It has been said that ‘God invented plasticity, but the Devil invented fracture!’ Both mechanisms represent the two prime modes of structural failure, respectively, plastic collapse and the rupture/breaking of a component, but the concept of developing materials with enhanced resistance to fracture can be difficult. This is because fracture resistance invariably involves a compromise—between strength and ductility, between strength and toughness—fundamentally leading to a ‘conflict’ between nano-/micro-structural damage and the mechanisms of toughening. Here, we examine the two major classes of such toughening: (i) intrinsic toughening, which occurs ahead of a crack tip and is motivated by plasticity—this is the principal mode of fracture resistance in ductile materials, and (ii) extrinsic toughening, which occurs at, or in the wake of, a crack tip and is associated with crack-tip shielding—this is generally the sole mode of fracture resistance in brittle materials. We briefly examine how these distinct mechanistic processes have been used to toughen synthetic materials—intrinsically in gradient materials and in multiple principal-element metallic alloys with the example of metallic glasses and high-entropy alloys, and extrinsically in ceramics with the example of ceramic-matrix composites—in comparison to Nature which has been especially adept in creating biological/natural materials which are toughened by one or both mechanistic classes, despite often consisting of constituents with meagre mechanical properties. The success of Nature has been driven by its ability to cultivate the development of materials with multiple length-scale hierarchical structures that display ingenious gradients and structural adaptability, a philosophy which we need to emulate and more importantly learn to synthesize to make structural materials of the future with unprecedented combinations of mechanical properties.

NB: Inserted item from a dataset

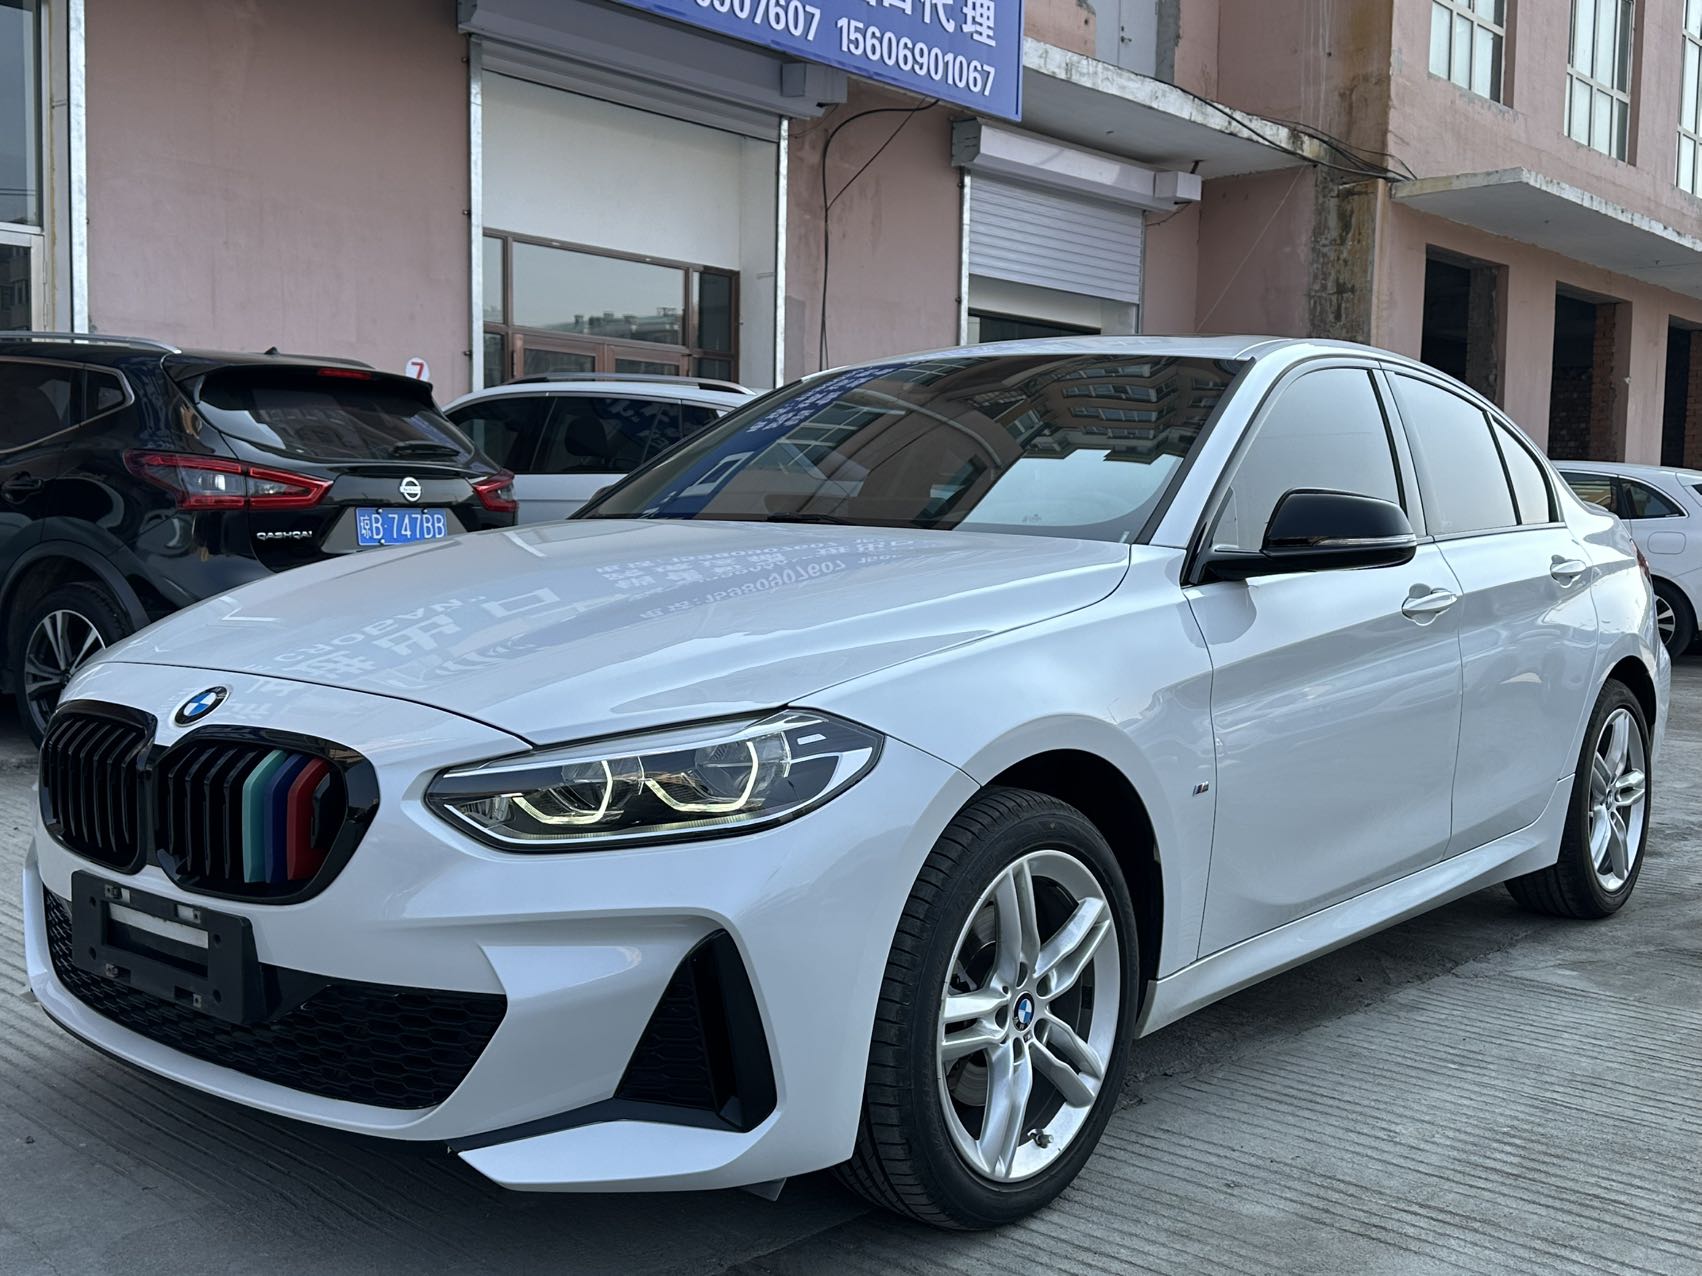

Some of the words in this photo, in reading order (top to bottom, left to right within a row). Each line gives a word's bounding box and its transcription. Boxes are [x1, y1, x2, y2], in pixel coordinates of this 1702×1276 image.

This article is part of a discussion meeting issue ‘A cracking approach to inventing new tough materials: fracture stranger than friction’.

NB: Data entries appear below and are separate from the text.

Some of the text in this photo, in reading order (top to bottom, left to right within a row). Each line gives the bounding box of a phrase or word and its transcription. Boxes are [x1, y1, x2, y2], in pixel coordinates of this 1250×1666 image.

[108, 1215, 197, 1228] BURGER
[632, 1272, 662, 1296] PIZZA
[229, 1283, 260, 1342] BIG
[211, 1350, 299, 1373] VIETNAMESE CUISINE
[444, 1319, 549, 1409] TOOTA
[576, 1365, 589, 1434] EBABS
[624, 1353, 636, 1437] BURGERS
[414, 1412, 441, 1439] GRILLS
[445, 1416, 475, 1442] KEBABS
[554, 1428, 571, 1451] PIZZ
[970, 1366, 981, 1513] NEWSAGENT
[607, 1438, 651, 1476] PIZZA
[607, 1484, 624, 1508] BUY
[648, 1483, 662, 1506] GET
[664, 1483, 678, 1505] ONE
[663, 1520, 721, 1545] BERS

有人说“上帝发明了可塑性，但魔鬼发明了断裂！” 这两种机制分别代表了结构失效的两种主要模式，即塑性坍塌和部件的破裂/断裂，但开发具有增强抗断裂性的材料的概念可能很困难。这是因为抗断裂性总是涉及强度和延展性之间、强度和韧性之间的折衷，从根本上导致纳米/微观结构损伤与增韧机制之间的“冲突”。在这里，我们研究了这种增韧的两大类：（i） 内在增韧，它发生在裂纹尖端之前，由塑性驱动——这是韧性材料中抗断裂性的主要模式，以及（ii）外在强化，它发生在裂纹尖端或裂纹尖端之后，并与裂纹尖端屏蔽有关 - 这通常是脆性材料中唯一的抗断裂模式。我们简要地研究了这些不同的机械过程是如何被用来增韧合成材料的——以金属玻璃和高熵合金为例，在梯度材料和多主元素金属合金中，以及在陶瓷中，以陶瓷为例——基质复合材料——与 Nature 相比，Nature 尤其擅长创造生物/天然材料，这些材料通过一种或两种机械类别进行增韧，尽管通常由机械性能较差的成分组成。

这篇文章是讨论会问题“发明新的坚韧材料的破解方法：断裂比摩擦更奇怪”的一部分。